2. Legal Requirements: The business must be operated by a full-time resident of the home and not an employee. The business must be a secondary use for the home, not the primary. The character of the home, interior and exterior, cannot be changed from that of a residence

3. Codes & Ordinances: The business must comply with local health, safety, and fire codes and with city and county ordinances: If you live inside city limits, you may be required to conduct all business activities inside the home, not in a yard, garage, or outbuilding.

You must also comply with local regulations concerning signage, traffic, number of employees, parking, noise, and air, waste water, or soil pollution. You may not be able to store supplies or materials in a yard, garage, or outbuilding or park vehicles or equipment in your yard or on the street.

4. Food Preparation: Food sold to the public must be prepared in a commercial kitchen, not in a home kitchen. The kitchen will be regularly inspected and licensed by your regional health department. If the kitchen is attached to the home, the adjoining door must be locked when the commercial kitchen is not in use. The kitchen must have a separate exterior entrance.  It must contain special sinks, stainless steel counter-tops, storage racks, refrigerator and more.

5. Child Care: If you care for seven or more children in your home (including your own) and you receive payment for one or more of them, a license is needed from your city clerk’s office or from Idaho Department of Health and Welfare. The home will be regularly inspected by the health department and the fire marshal. You and your employees must secure annual training, including First Aid and CPR training.

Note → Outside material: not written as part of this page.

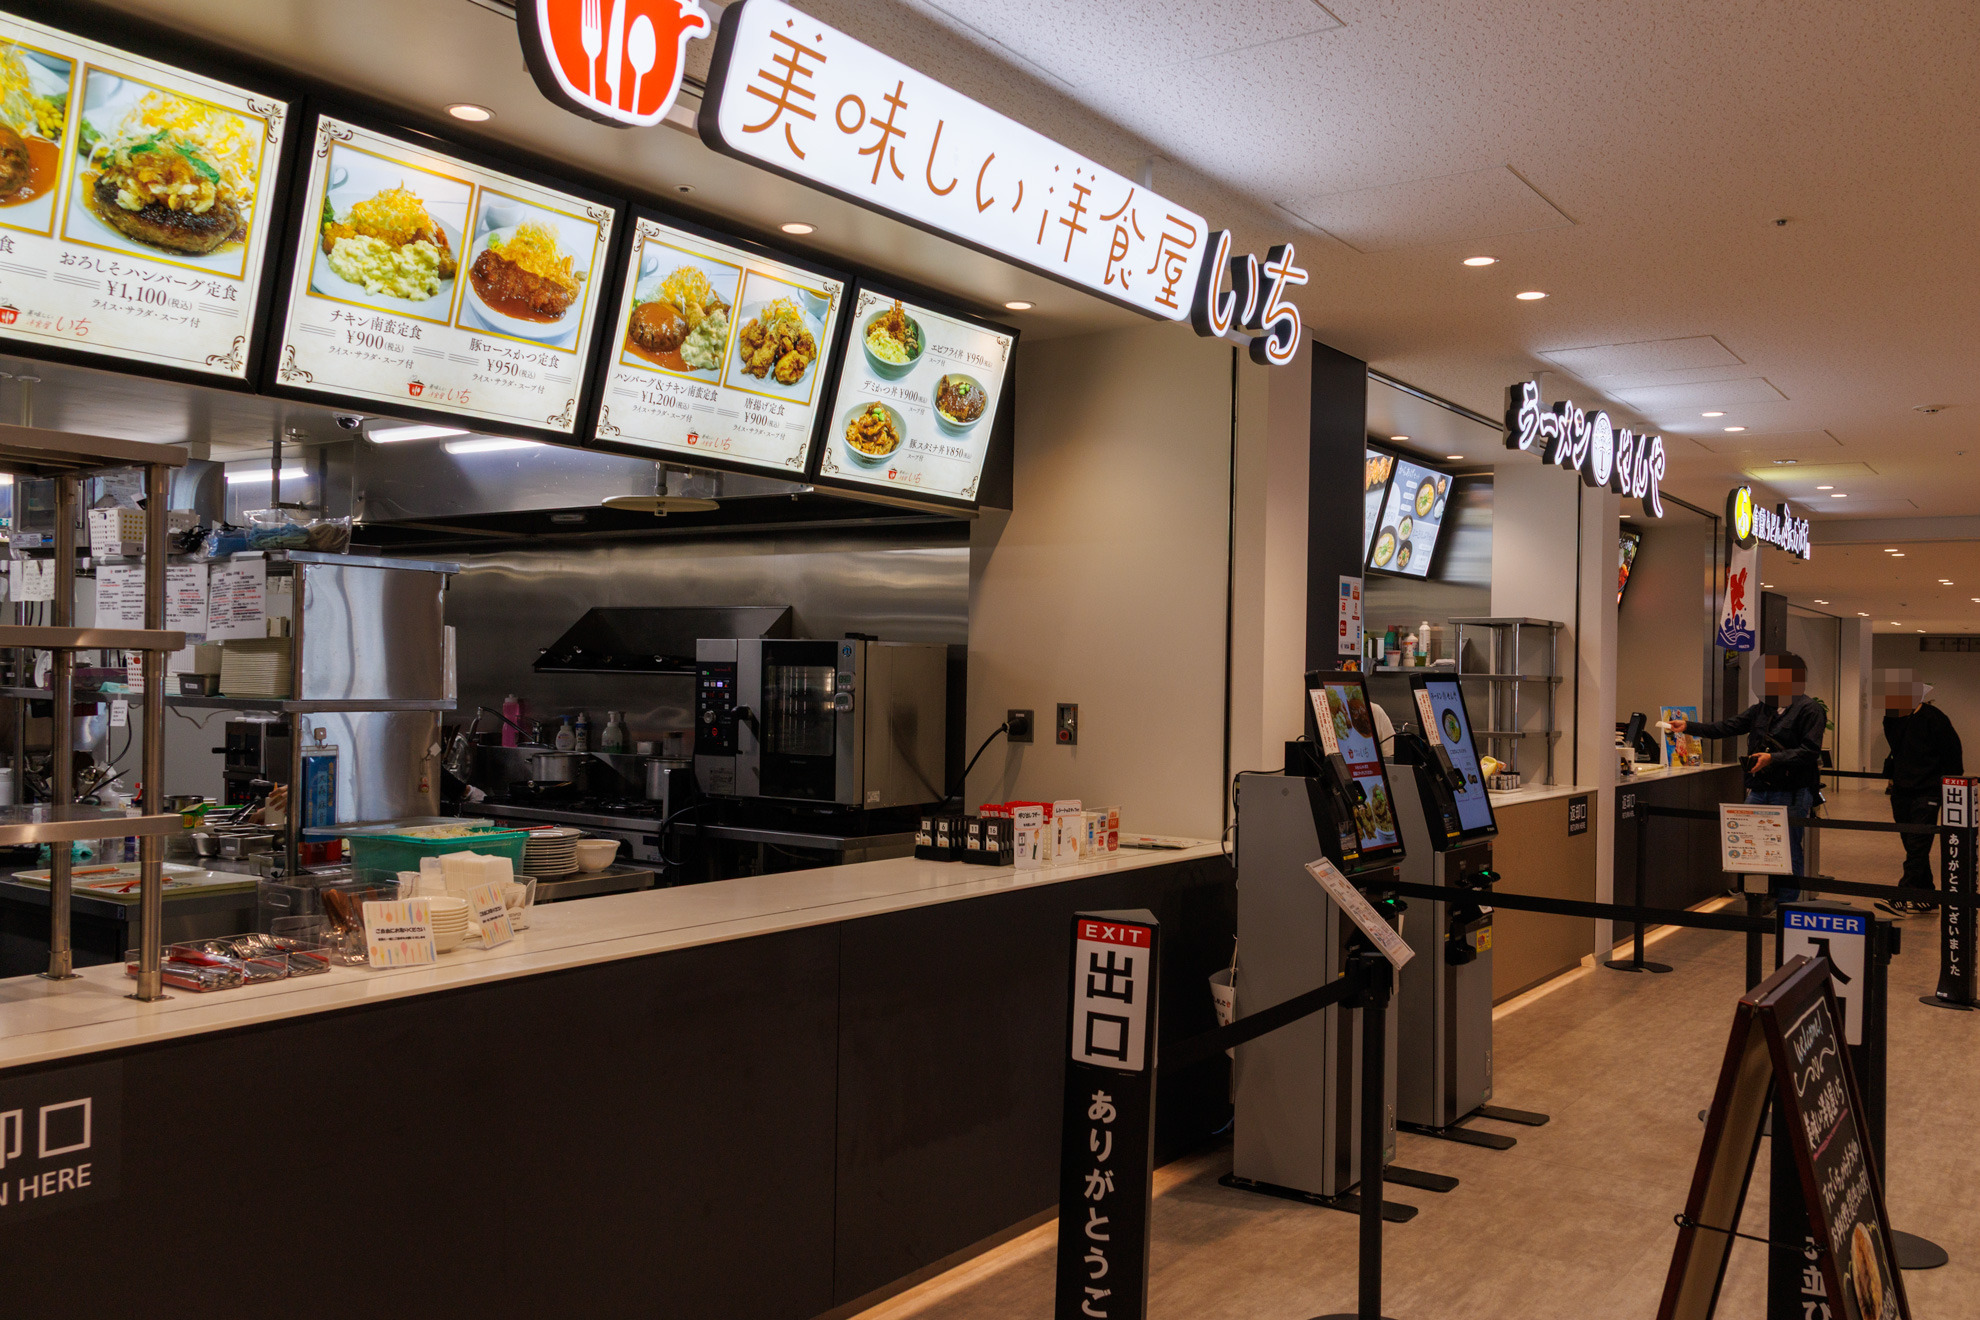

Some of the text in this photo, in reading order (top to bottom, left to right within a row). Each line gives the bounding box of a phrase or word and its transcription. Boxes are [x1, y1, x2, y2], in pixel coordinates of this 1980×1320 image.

6. Product/Service Restrictions: Certain products cannot be legally manufactured or grown in a home business. These include fireworks and other potentially explosive items, drugs and drug paraphernalia, poisons, noxious weeds or insects, and sanitary and medical products and more.

7. Service Restrictions: Some services, including those involving adults-only activities, nudity, gambling, loud noise, the sale of alcoholic beverages, tobacco or controlled substances or that may violate a city or county ordinance are prohibited in a home based business.

8. Animals: Businesses involving animals are subject to additional regulations and licensing requirements, depending on the type and number of animals and the service provided. A kennel or breeder’s license may be needed; special waste handling and noise abatement procedures may be required, as well as other issues. You may also be required to have additional liability insurance.

9. Employees: Your city or county regulates the number of employees a home business can have and the number of vehicles they can park at the home or on a public street. State and federal employment-related posters must be displayed. You must also have workers compensation insurance, pay unemployment insurance taxes, establish a tax withholding account and comply with OSHA safety regulations.

10. Signage: Most communities regulate the size and type of signage allowed, if any, in a residential area.

11. Insurance: All businesses need insurance, regardless of location. Check first with your homeowner’s insurance agent or an insurance agent who writes policies for small businesses. Not all home-based businesses are covered by homeowner’s insurance, particularly if the primary activity, such as house painting, does not occur at the home. If homeowner’s insurance will cover your business, you may need to add coverage for business equipment, inventory, or a business-owned vehicle.

12. Security: Home-based businesses have unique security issues, including allowing strangers into the home, protecting mail, computer security, and personal safety issues, both in and out of the office. Mail, particularly checks and financial information, can be protected by using a mailing address other than your home address, such as a post office box or a mail box at a package shipping center.

13. Business Telephone: Using your home phone number as your business number is not a good idea unless other family members, particularly children, will answer in-coming calls in a professional manner. If a cellular phone is used for business and you change carriers and phone numbers often, your business will be negatively impacted when customers can’t reach you. Installing a landline with voice mail is the most professional way to handle incoming calls. If you have a fax machine, you will need a landline.

14. Zoning: Before opening a business in a home, check with your city or county planning and zoning department to be certain you can legally do so. Most communities do not allow retail businesses, such as stores or restaurants, to be located in an area zoned for residential use, nor do they allow trucks and equipment to be parked at a home or employees to come and go. If a business is operating in violation of zoning regulations, it could be closed without notice when planning and zoning learns about it.

15. Client Meetings: If zoning regulations, a homeowner’s association or apartment lease do not allow client meetings at your home, if you have young children, an unruly pet, or safety is a concern, you may need to meet clients at another location, preferably the client’s office. If that isn’t possible, you may be able to rent temporary meeting space in an office complex or another facility or hold an informal meeting at a coffee shop or another public place.